▸ **What the task requires**: Exact copy, no pictures: reproduce every record below as it stands.

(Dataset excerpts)
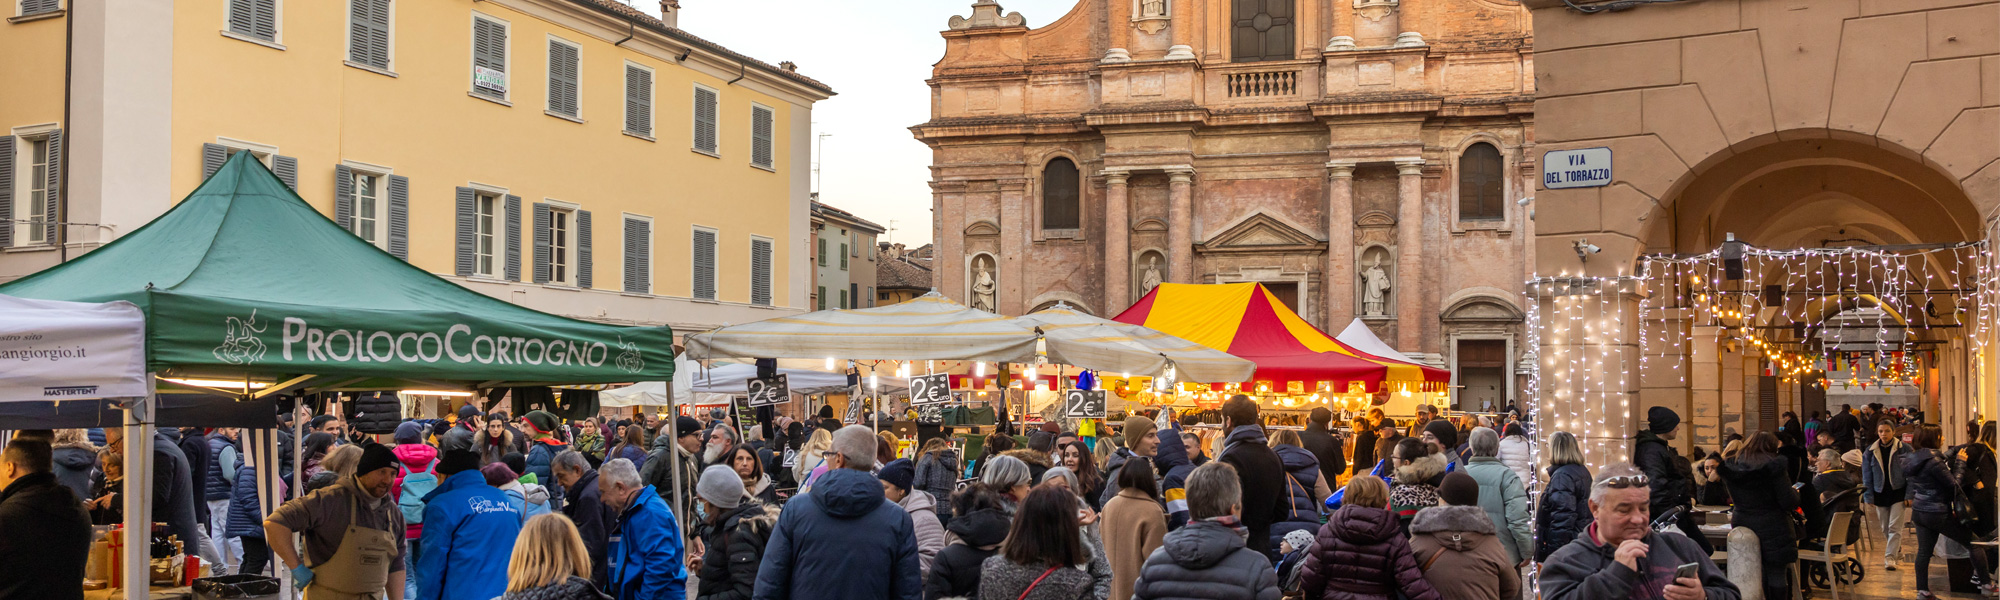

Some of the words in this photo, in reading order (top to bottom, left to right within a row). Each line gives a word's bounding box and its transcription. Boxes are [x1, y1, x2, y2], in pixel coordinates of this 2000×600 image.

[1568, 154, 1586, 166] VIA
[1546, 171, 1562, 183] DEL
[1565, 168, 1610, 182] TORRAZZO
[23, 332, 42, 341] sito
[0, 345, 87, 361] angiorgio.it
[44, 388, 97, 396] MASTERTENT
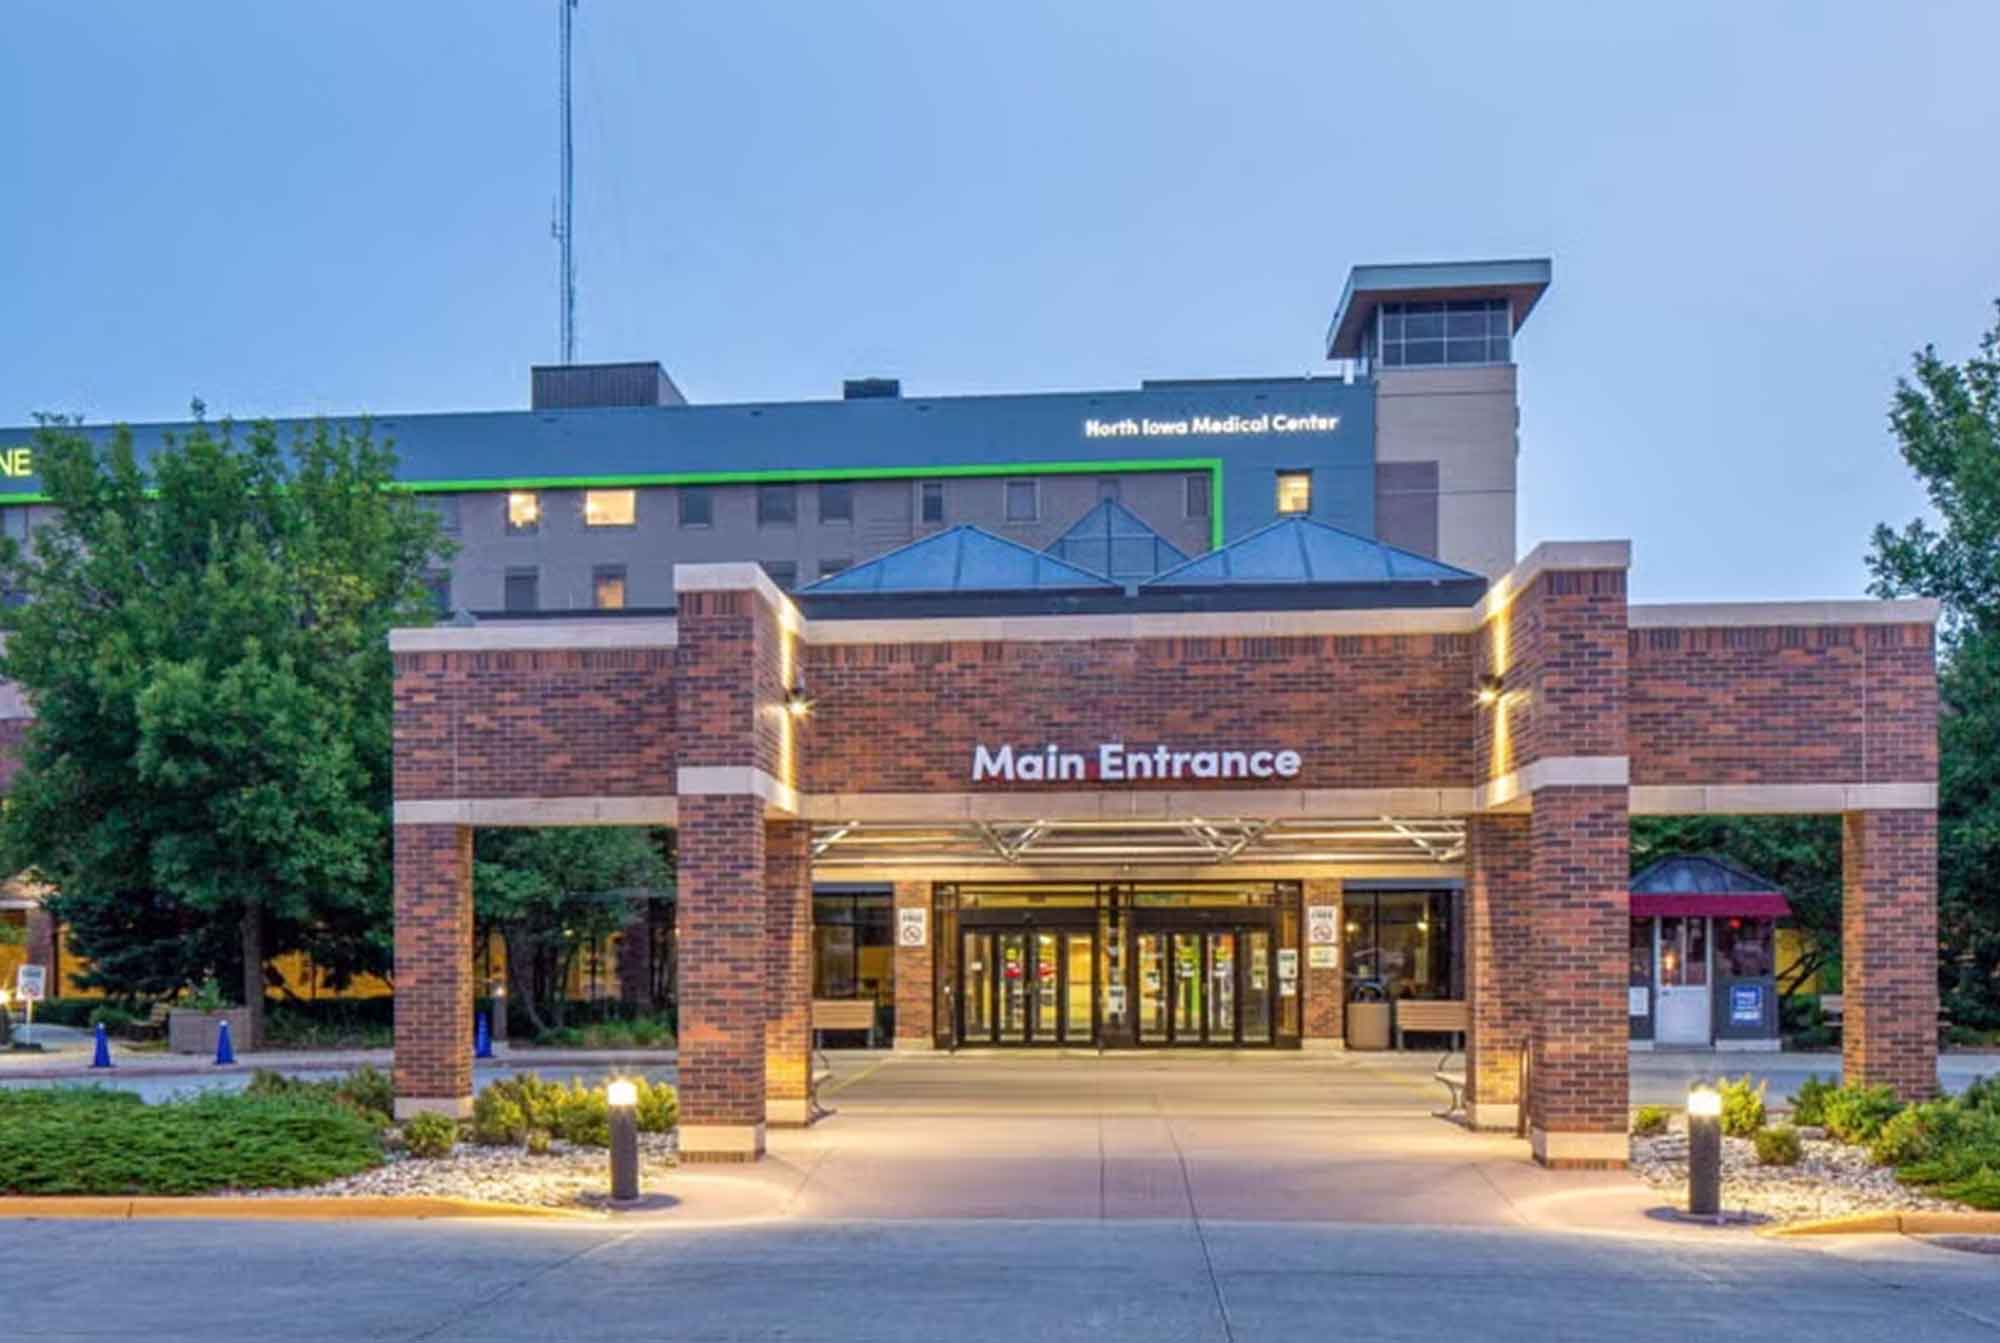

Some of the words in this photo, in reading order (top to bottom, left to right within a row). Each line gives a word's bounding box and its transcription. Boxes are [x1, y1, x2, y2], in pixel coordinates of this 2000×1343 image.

▸ **Answer space**:
Some of the words in this photo, in reading order (top to bottom, left to right within a row). Each line gives a word's bounding box and its transcription. Boxes are [x1, y1, x2, y2], in pixel coordinates of this 2000×600 image.

[1568, 154, 1586, 166] VIA
[1546, 171, 1562, 183] DEL
[1565, 168, 1610, 182] TORRAZZO
[23, 332, 42, 341] sito
[0, 345, 87, 361] angiorgio.it
[44, 388, 97, 396] MASTERTENT

Some of the words in this photo, in reading order (top to bottom, left to right within a row). Each line gives a word's bounding box and its transcription. Boxes are [x1, y1, x2, y2], in pixel coordinates of this 2000×1343 image.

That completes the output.